*** Begin section ***
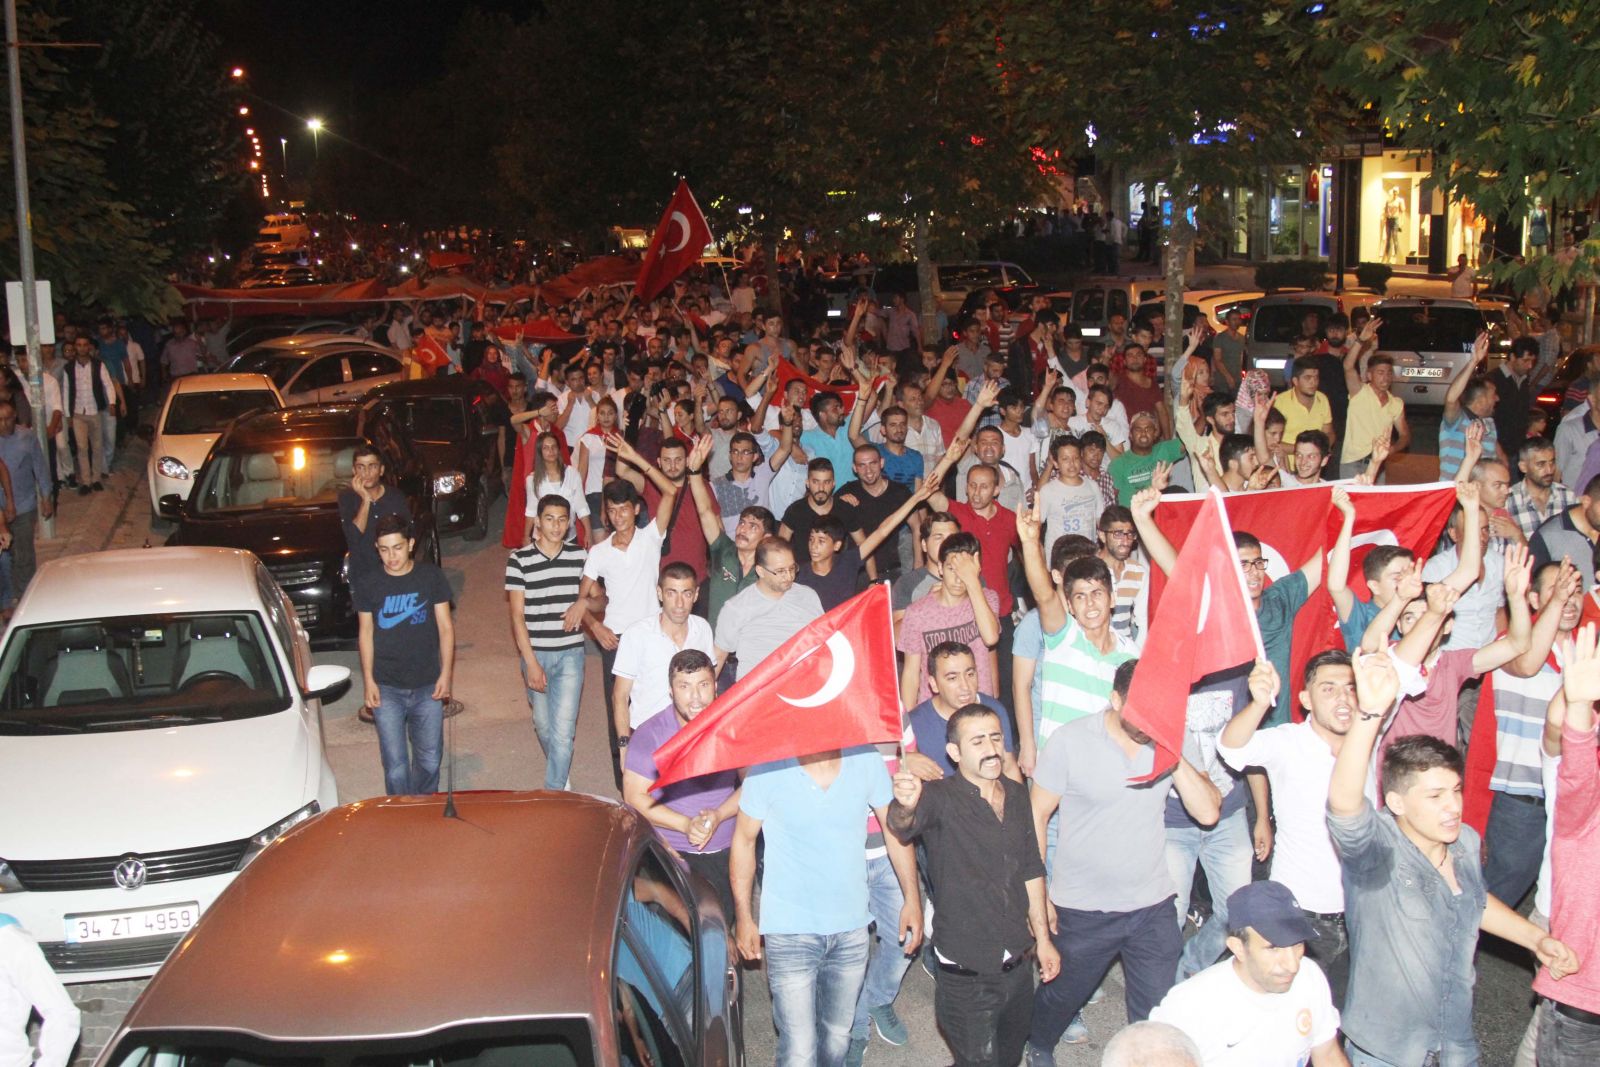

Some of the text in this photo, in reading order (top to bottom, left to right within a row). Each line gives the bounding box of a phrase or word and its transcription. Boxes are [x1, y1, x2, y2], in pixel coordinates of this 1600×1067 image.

[1063, 518, 1080, 532] 53
[383, 592, 419, 614] NIKE
[924, 630, 947, 653] STOP
[79, 910, 191, 939] 34 ZT 4959
*** End section ***
◆ **TASK DESCRIPTION**: Retype everything in the entries above exactly. The pictures are to be omitted.

◆ **COMPLETED TASK**:
Some of the text in this photo, in reading order (top to bottom, left to right within a row). Each line gives the bounding box of a phrase or word and its transcription. Boxes are [x1, y1, x2, y2], in pixel coordinates of this 1600×1067 image.

[1063, 518, 1080, 532] 53
[383, 592, 419, 614] NIKE
[924, 630, 947, 653] STOP
[79, 910, 191, 939] 34 ZT 4959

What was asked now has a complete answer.